== TASK DIRECTIONS ==
Without including any pictures, reproduce all the lines below word for word.
--------------------
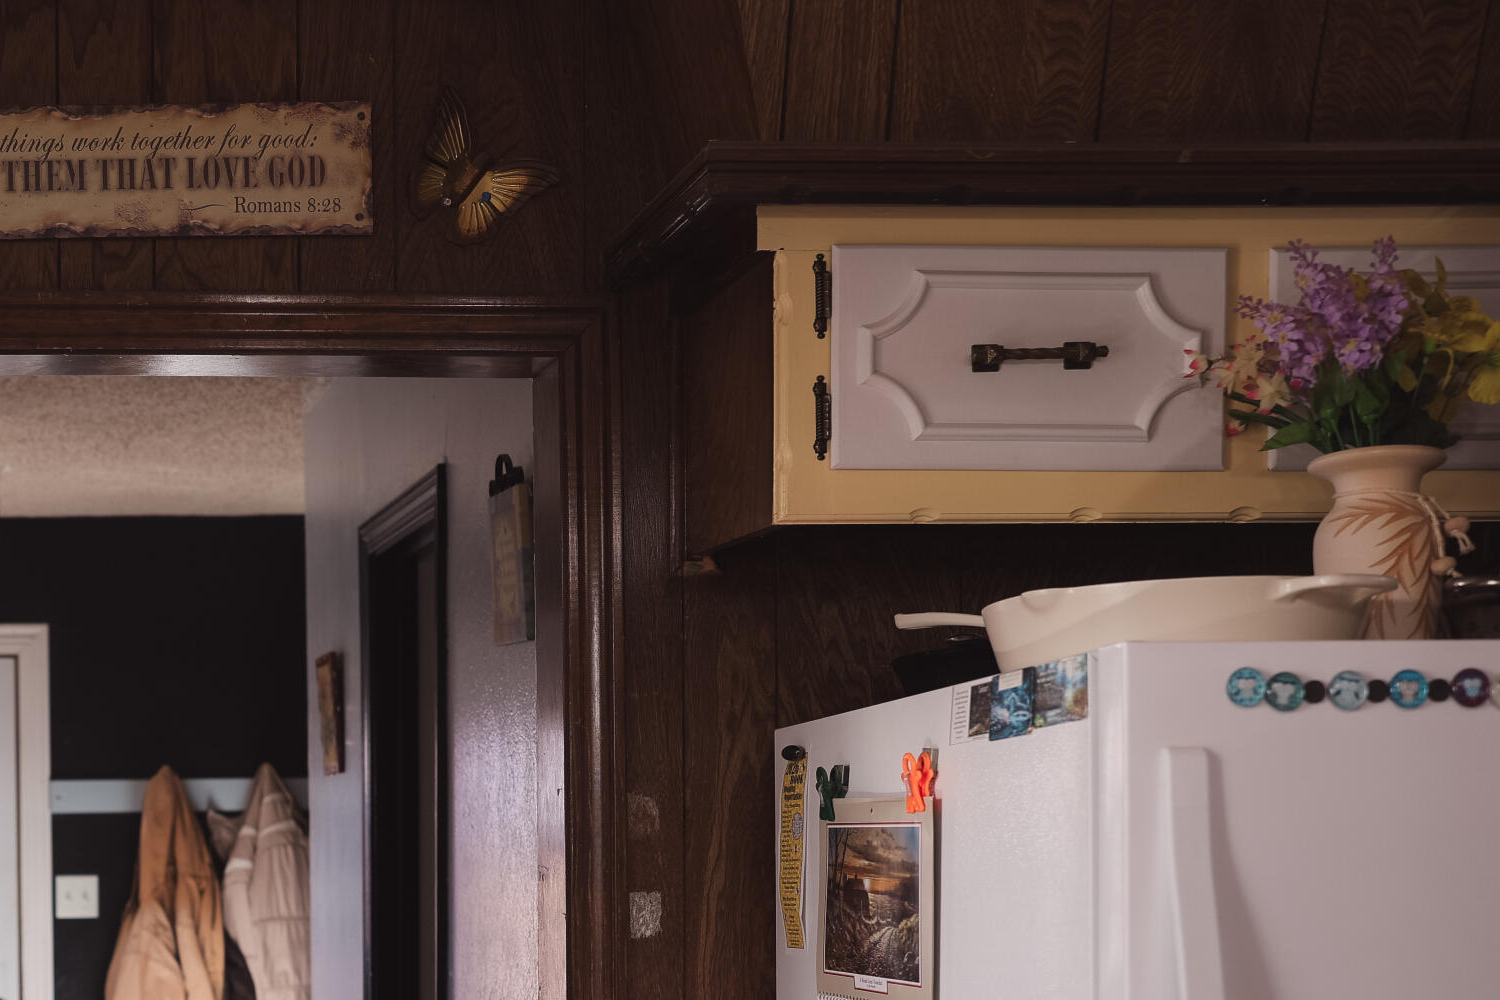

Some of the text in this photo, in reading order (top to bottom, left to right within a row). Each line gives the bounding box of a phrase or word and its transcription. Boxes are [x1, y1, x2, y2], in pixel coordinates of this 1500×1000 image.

[0, 127, 64, 166] things
[72, 127, 125, 152] work
[131, 125, 216, 160] together
[217, 123, 252, 157] for
[257, 123, 318, 161] good:
[2, 158, 87, 194] THEM
[96, 156, 177, 192] THAT
[186, 154, 258, 190] LOVE
[267, 154, 327, 189] GOD
[234, 196, 342, 214] Romans 8:28
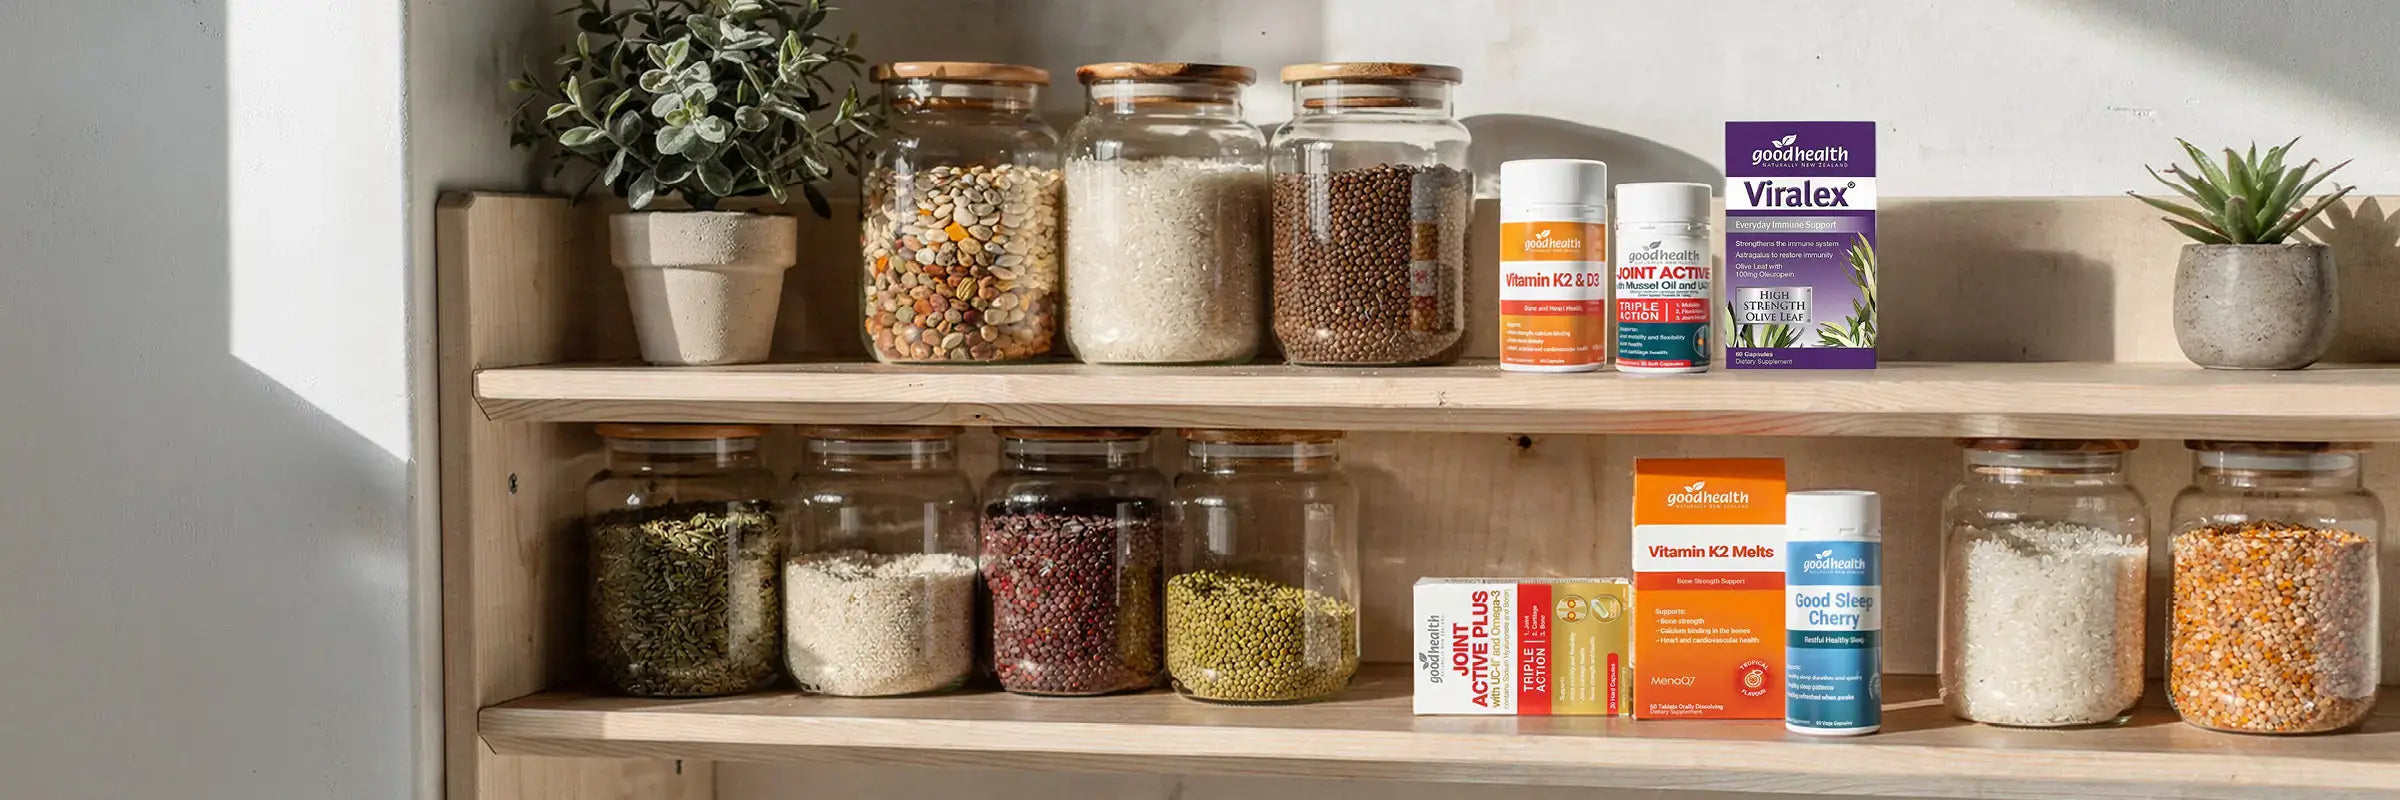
--------------------
== COMPLETED EXERCISE ==
Some of the text in this photo, in reading order (top to bottom, left to right within a row). Each line gives the bounding box of a phrase or word and its transcription. Boxes are [x1, y1, x2, y2], in pixel coordinates of this 1500×1000 image.

[0, 127, 64, 166] things
[72, 127, 125, 152] work
[131, 125, 216, 160] together
[217, 123, 252, 157] for
[257, 123, 318, 161] good:
[2, 158, 87, 194] THEM
[96, 156, 177, 192] THAT
[186, 154, 258, 190] LOVE
[267, 154, 327, 189] GOD
[234, 196, 342, 214] Romans 8:28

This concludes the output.